While some literary scholars have criticized the seemingly arbitrary arrangements of words in Cummings’s poems, others have suggested that they encourage fresh perceptions. “The words, the meanings in the words, and also the nebula of meaning and sound and pun around the words, are all put into an enlivening relation to each other,” writes R. P. Blackmur.4
Cummings also abandoned the rules of spacing, demonstrated here by his closing up the space after each colon and semicolon. Whereas spaces would have visually signaled the end of a phrase, giving the eyes a blank to briefly relax into, Cummings chose instead to run one idea right into the next. This lack of spacing evokes a sense of breathless enthusiasm. In the third stanza he does something similar, except instead of omitting the spaces after punctuation he omits the punctuation itself, in a list that would otherwise have commas: “tasting touching hearing seeing / breathing.”
Another idiosyncrasy in Cummings’s poetry is his division of words across line breaks, as in the “birth / day” of this poem. These two words are typically conjoined in English writing, and the fact that they occur earlier in the line as such (i.e., “birthday”) only calls further attention to them individually.
Birth is a major theme in this poem. “i who have died am alive again,” writes Cummings as himself. He experiences a spiritual awakening, “the birth / day of life and of love and wings.” To me, this line is the most evocative one in the poem. I read into it my own experience of awakening—that is, my conversion to Christianity, my being raised with Christ into new life. This isn’t the same kind of awakening that Cummings is talking about, who, being Unitarian, rejected the divinity of Christ and the literalness of the Resurrection.5 His born-again experience seems to refer more generally to a sudden, sweeping awareness of the glory of God, a wonder that lifts him up out of either ignorance or depression, as if on wings.
The idea that nature is a revelator of God shows up a lot in Cummings’s oeuvre, but not as overtly as it does in “i thank You God for most this amazing.” In its beauty, its complexity, and its vastness, nature testifies to its Creator. In stanza three Cummings expresses incredulity that, given this testimony, any human being should ever doubt God’s existence
As have all writers who have ever tried to write about God, Cummings struggled with how to articulate who he/she is. I love his one-word descriptor: “yes.” God is yes. This is the most positive, most affirmative word Cummings could find. “Yes” implies “true,” “right,” and is also used to express excitement: Yes! The opposite of God is “the no / of all nothing.” Those who do not live in awe and worship of God live in this state of no—emptiness, meaninglessness, exclusion from blessing.

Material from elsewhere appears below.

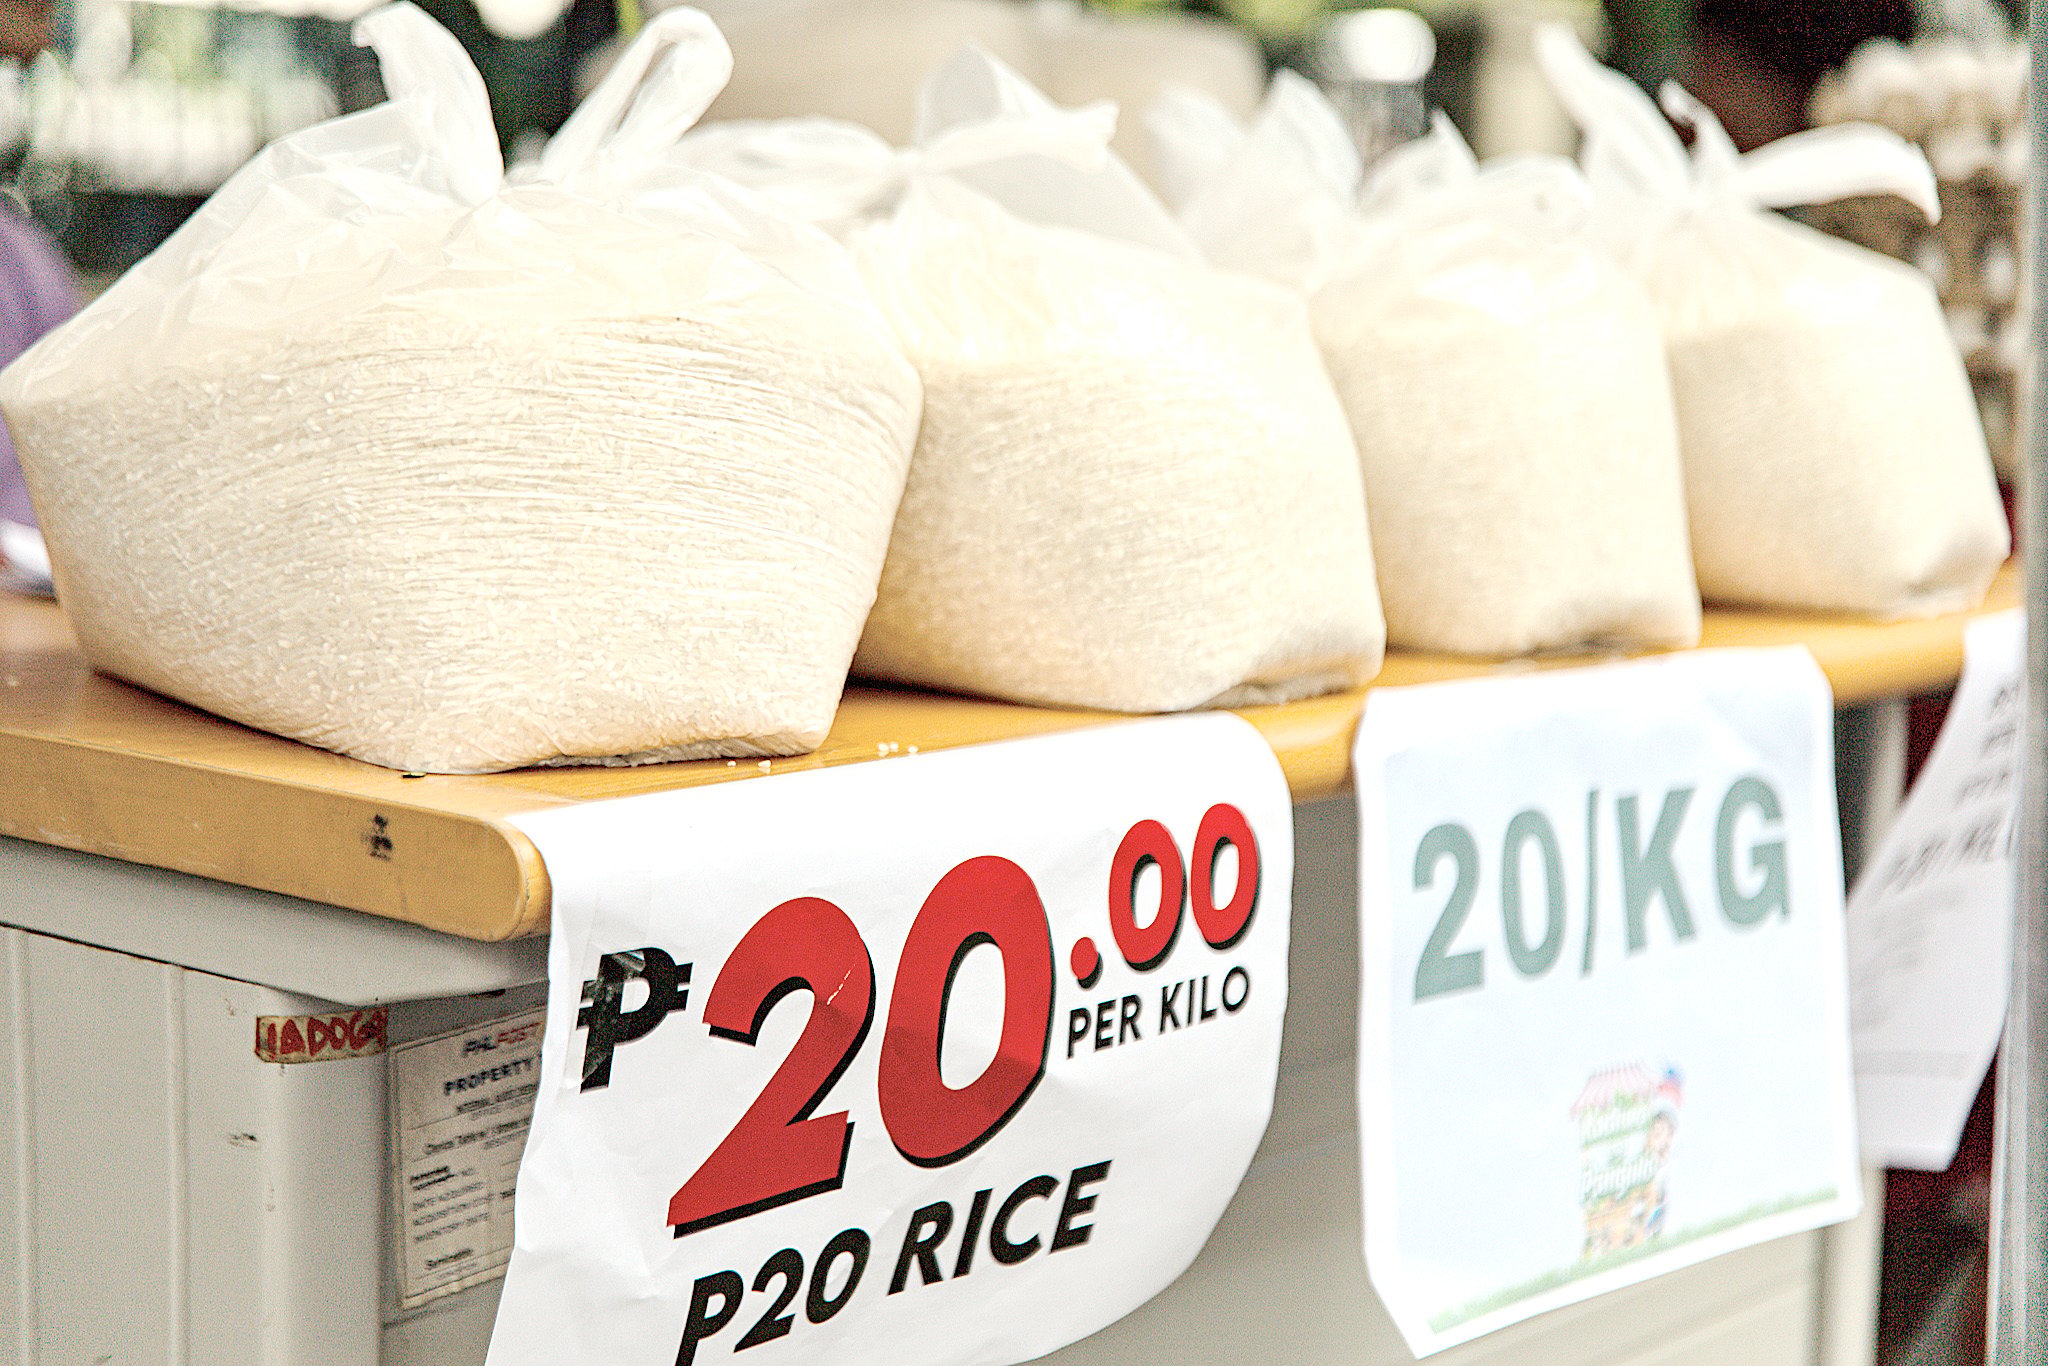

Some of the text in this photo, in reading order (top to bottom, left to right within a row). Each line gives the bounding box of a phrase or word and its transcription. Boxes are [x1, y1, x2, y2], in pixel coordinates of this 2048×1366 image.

[1412, 776, 1791, 1004] 20/KG
[443, 1060, 533, 1096] PROPERTY
[1067, 964, 1251, 1059] PER KILO
[674, 1160, 1113, 1366] P20 RICE

Cummings’s encounters with divine majesty humbled him, an attitude he expresses here in two ways. First, he lowercases first-person pronouns but capitalizes those referring to God. This stylistic choice visually contrasts the smallness of humanity with the largeness of God—a contrast he also builds with the words “merely” and “illimitably.” Second, he sets off the accounts of his personal awakening in parentheses as if they are just asides, minor addresses to the reader rather than to God. The relegation of these comments to side notes keeps God, the poem’s main subject, elevated.

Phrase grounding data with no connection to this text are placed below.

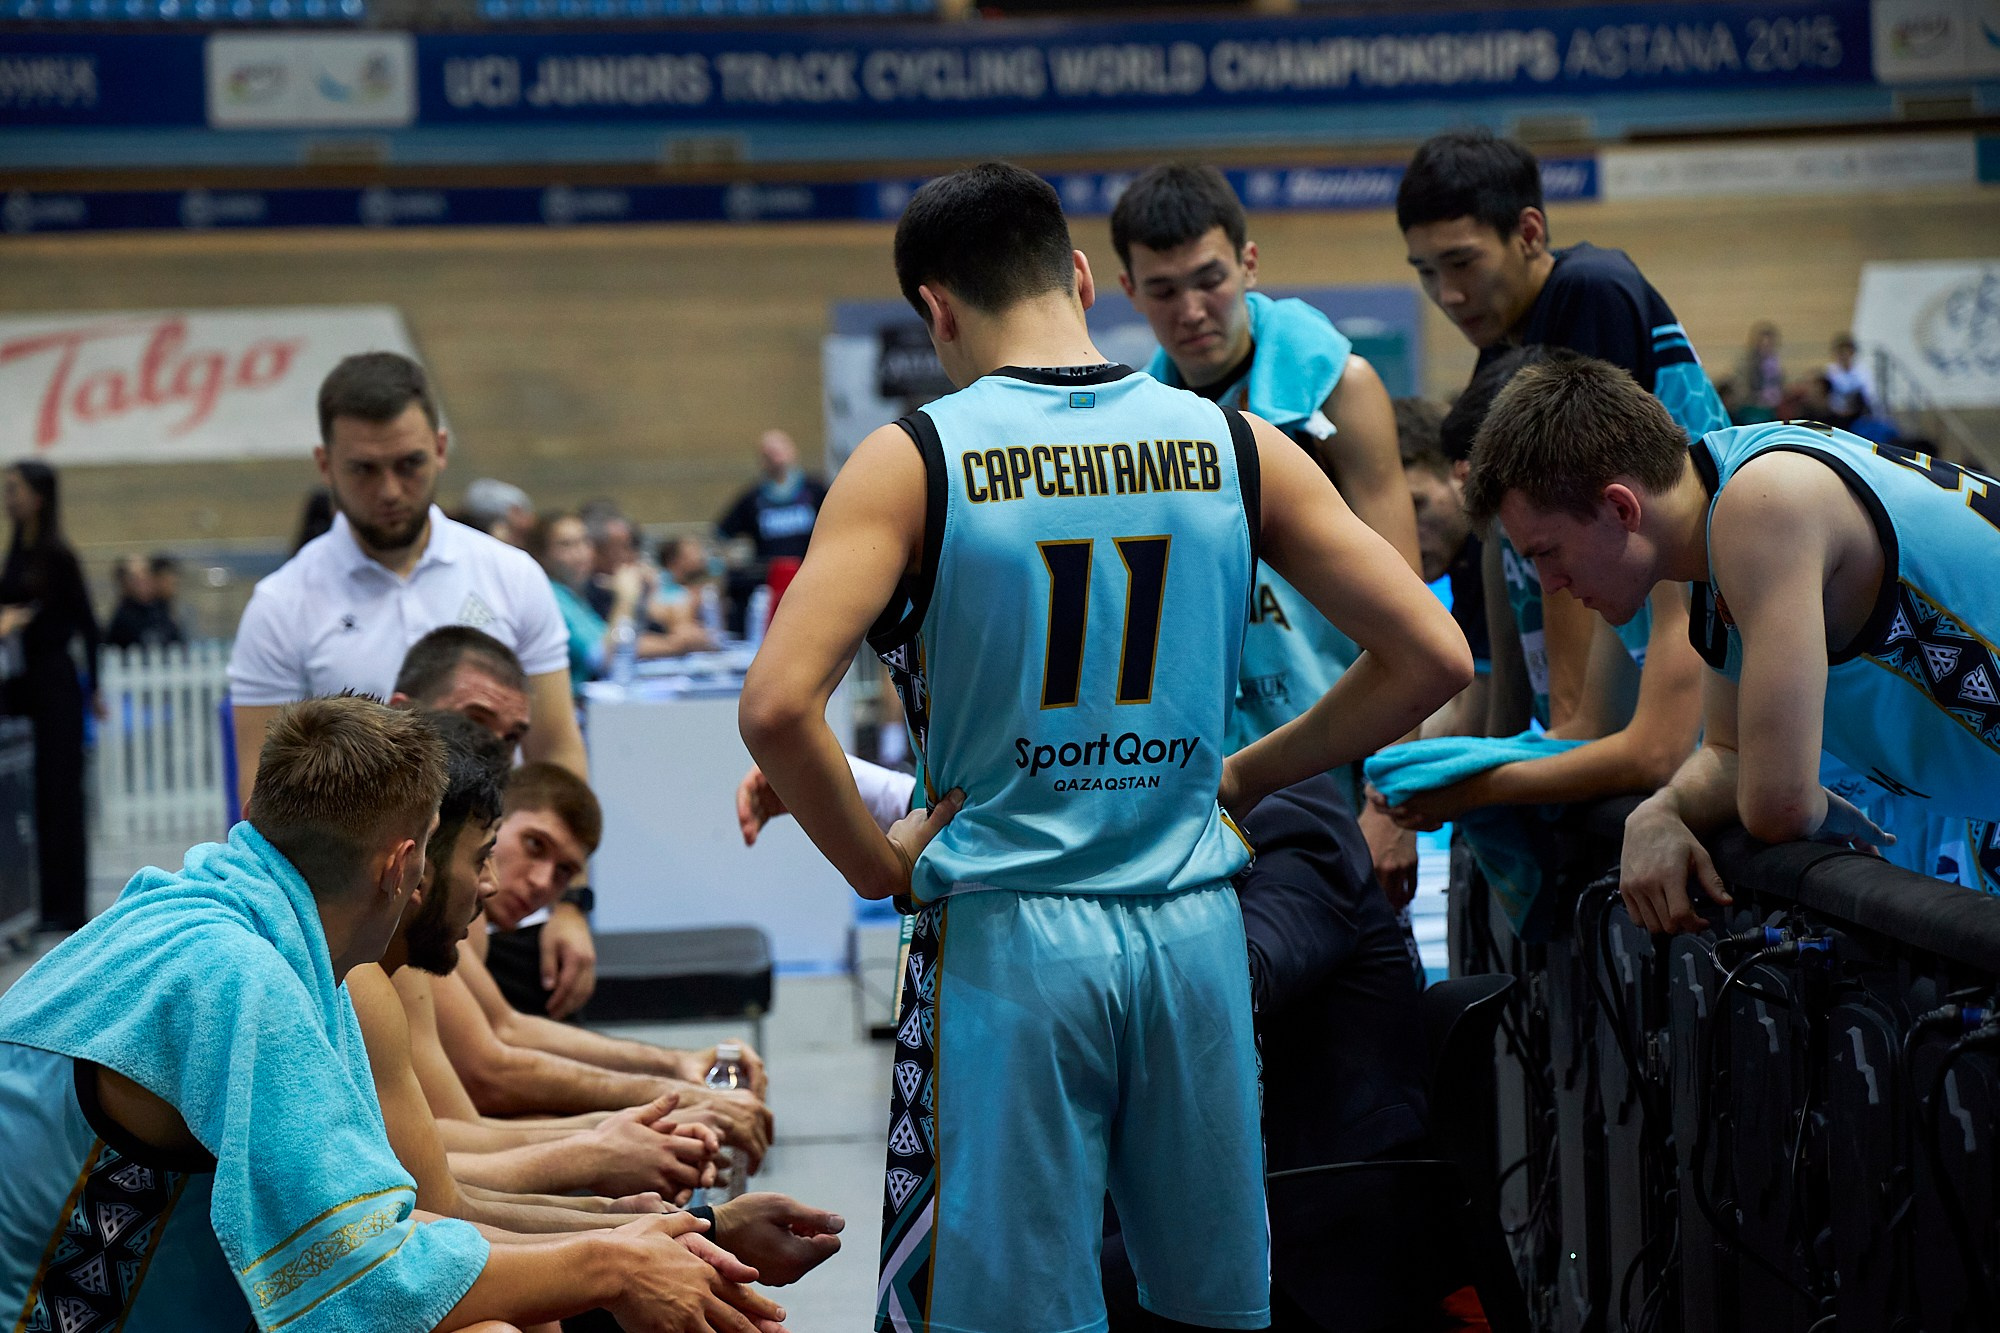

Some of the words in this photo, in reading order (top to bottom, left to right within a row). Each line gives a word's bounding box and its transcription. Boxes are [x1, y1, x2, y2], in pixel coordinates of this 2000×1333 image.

[446, 57, 519, 105] UCI
[527, 53, 711, 106] JUNIORS
[714, 51, 860, 103] TRACK
[862, 47, 1048, 100] CYCLING
[1049, 41, 1207, 96] WORLD
[1212, 31, 1558, 90] CHAMPIONSHIPS
[1564, 23, 1740, 79] ASTANA
[1745, 15, 1843, 71] 2015
[0, 316, 304, 447] Talgo
[962, 439, 1222, 505] САРСЕНГАЛИЕВ
[1035, 534, 1172, 710] 11
[1015, 732, 1200, 777] SportQory
[1054, 775, 1160, 792] QAZAQSTAN

The final stanza, one of those two asides, uses the phrases “ears of my ears” and “eyes of my eyes,” suggesting a spiritual hearing and seeing, a sense beyond the physical. It is with that sense that we perceive God—not by hearing his physical voice nor by seeing his physical body but by opening our inner ears, our inner eyes. For many of us that sense has lain dormant for so long that we need to rouse it awake. (Engaging the arts is a great way to do it!) When we open the depths of our inner being to reality, we will encounter God at the center of it.